## ACTIVITY
For this task, output every entry below exactly and omit the pictures.

## LISTED RECORDS
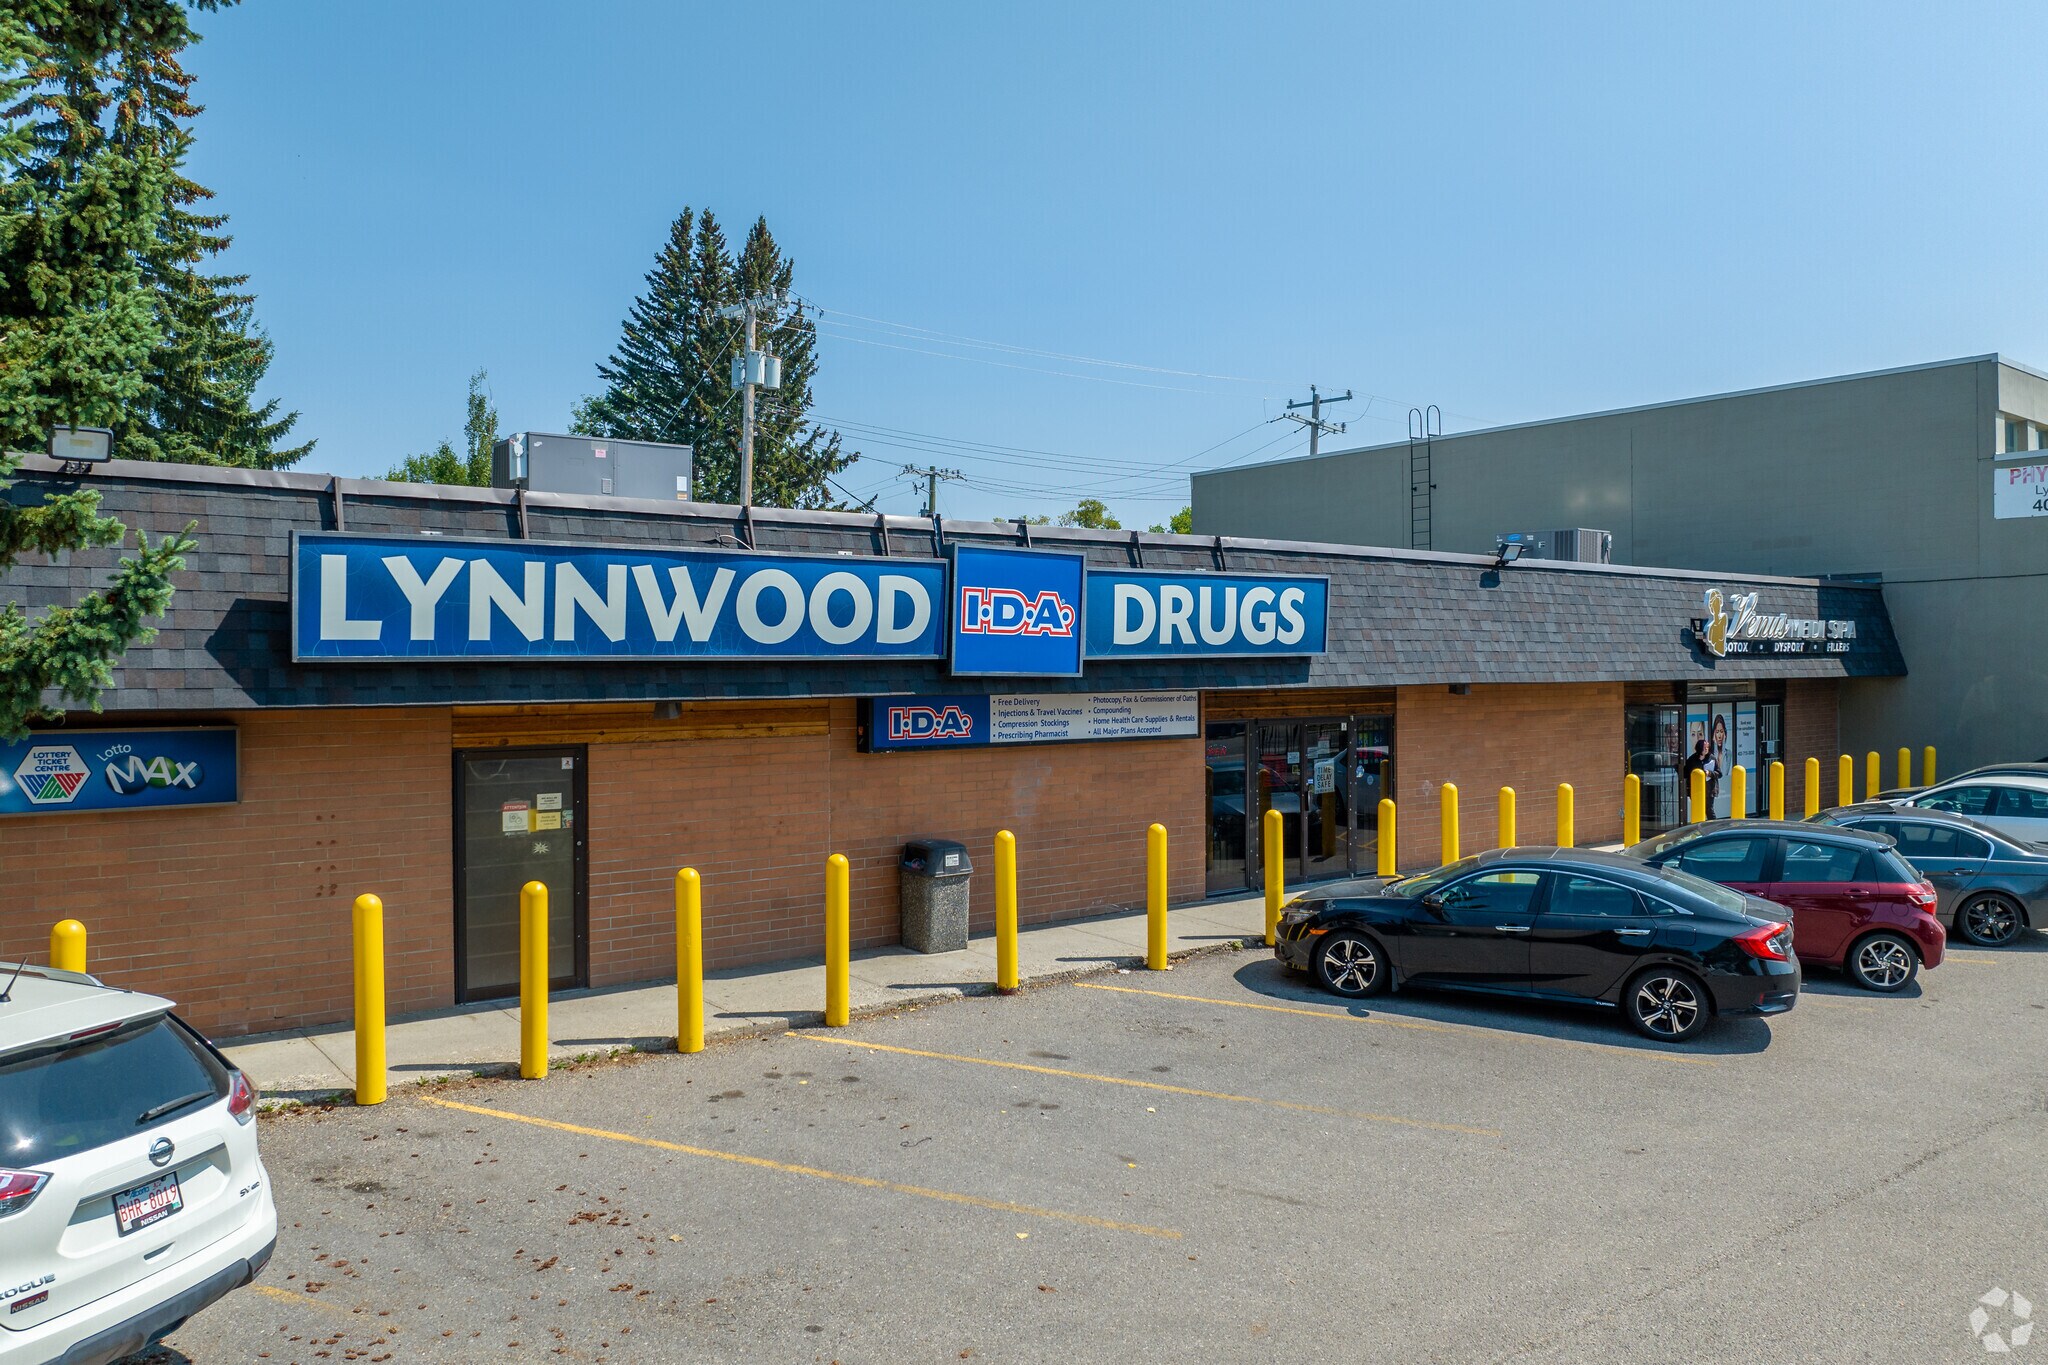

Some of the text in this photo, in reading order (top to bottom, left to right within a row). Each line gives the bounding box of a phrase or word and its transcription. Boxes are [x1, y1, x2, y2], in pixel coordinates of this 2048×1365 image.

[320, 554, 931, 645] LYNNWOOD
[1113, 583, 1305, 645] DRUGS
[1788, 619, 1826, 639] MEDI
[1827, 619, 1856, 639] SPA
[1774, 642, 1805, 652] DYSPORT
[1826, 642, 1850, 652] FILLERS
[998, 698, 1041, 707] Free Delivery
[1093, 694, 1196, 704] Photocopy, Fax & Commissioner of Oaths
[998, 709, 1029, 718] Injections
[1036, 708, 1056, 716] Travel
[1057, 708, 1083, 716] Vaccines
[1093, 706, 1131, 714] Compounding
[998, 719, 1070, 729] Compression Stockings
[1112, 716, 1130, 724] Health
[1145, 715, 1168, 724] Supplies
[1175, 714, 1195, 722] Rentals
[998, 730, 1069, 740] Prescribing Pharmacist
[1102, 727, 1119, 736] Major
[1136, 726, 1161, 734] Accepted
[33, 751, 71, 759] LOTTERY
[97, 743, 131, 762] Lotto
[37, 758, 68, 766] TICKET
[35, 765, 71, 773] CENTRE
[1317, 766, 1331, 774] TIME
[105, 755, 198, 795] MAX
[1316, 773, 1332, 782] DELAY
[1317, 780, 1331, 789] SAFE
[119, 1184, 177, 1223] BHR-8019
[140, 1210, 168, 1227] NISSAN
[12, 1294, 48, 1312] NISSAN
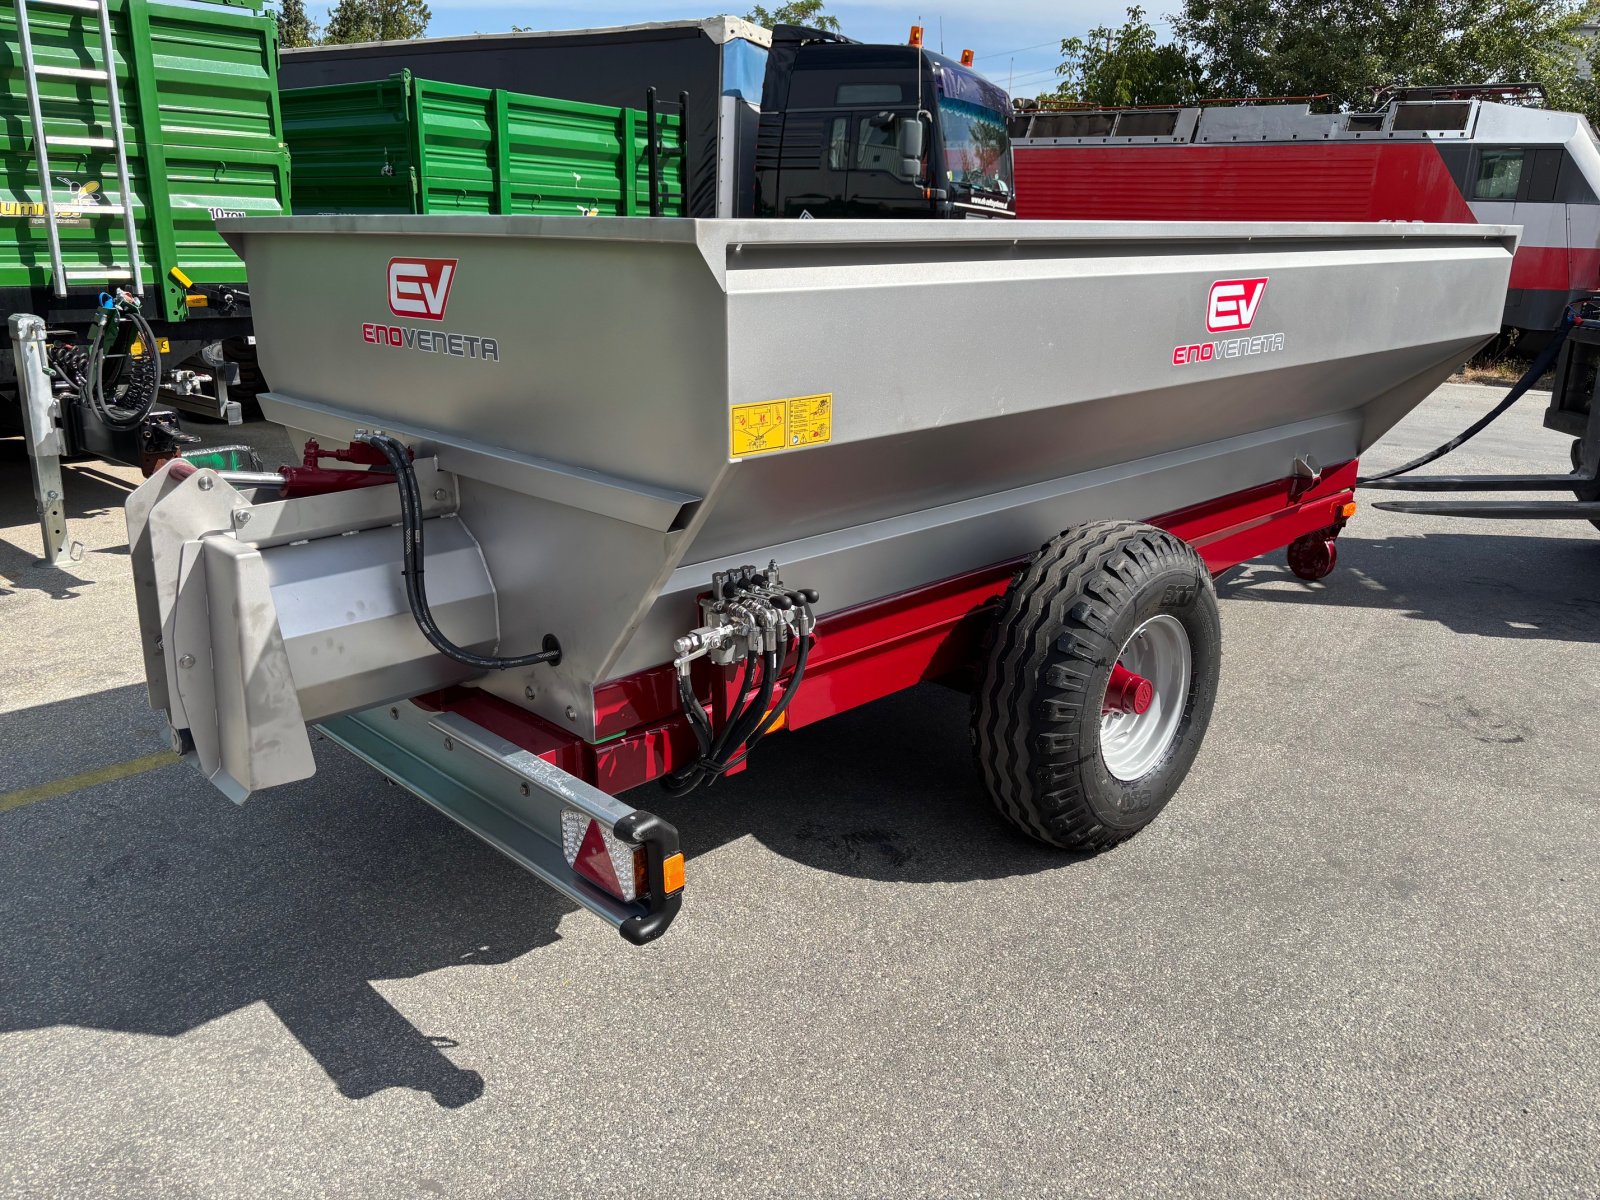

## TASK RESULT
Some of the text in this photo, in reading order (top to bottom, left to right within a row). Each line gives the bounding box of a phrase or word and its transcription. Boxes are [x1, y1, x2, y2], in pixel coordinates of this 2048×1365 image.

[320, 554, 931, 645] LYNNWOOD
[1113, 583, 1305, 645] DRUGS
[1788, 619, 1826, 639] MEDI
[1827, 619, 1856, 639] SPA
[1774, 642, 1805, 652] DYSPORT
[1826, 642, 1850, 652] FILLERS
[998, 698, 1041, 707] Free Delivery
[1093, 694, 1196, 704] Photocopy, Fax & Commissioner of Oaths
[998, 709, 1029, 718] Injections
[1036, 708, 1056, 716] Travel
[1057, 708, 1083, 716] Vaccines
[1093, 706, 1131, 714] Compounding
[998, 719, 1070, 729] Compression Stockings
[1112, 716, 1130, 724] Health
[1145, 715, 1168, 724] Supplies
[1175, 714, 1195, 722] Rentals
[998, 730, 1069, 740] Prescribing Pharmacist
[1102, 727, 1119, 736] Major
[1136, 726, 1161, 734] Accepted
[33, 751, 71, 759] LOTTERY
[97, 743, 131, 762] Lotto
[37, 758, 68, 766] TICKET
[35, 765, 71, 773] CENTRE
[1317, 766, 1331, 774] TIME
[105, 755, 198, 795] MAX
[1316, 773, 1332, 782] DELAY
[1317, 780, 1331, 789] SAFE
[119, 1184, 177, 1223] BHR-8019
[140, 1210, 168, 1227] NISSAN
[12, 1294, 48, 1312] NISSAN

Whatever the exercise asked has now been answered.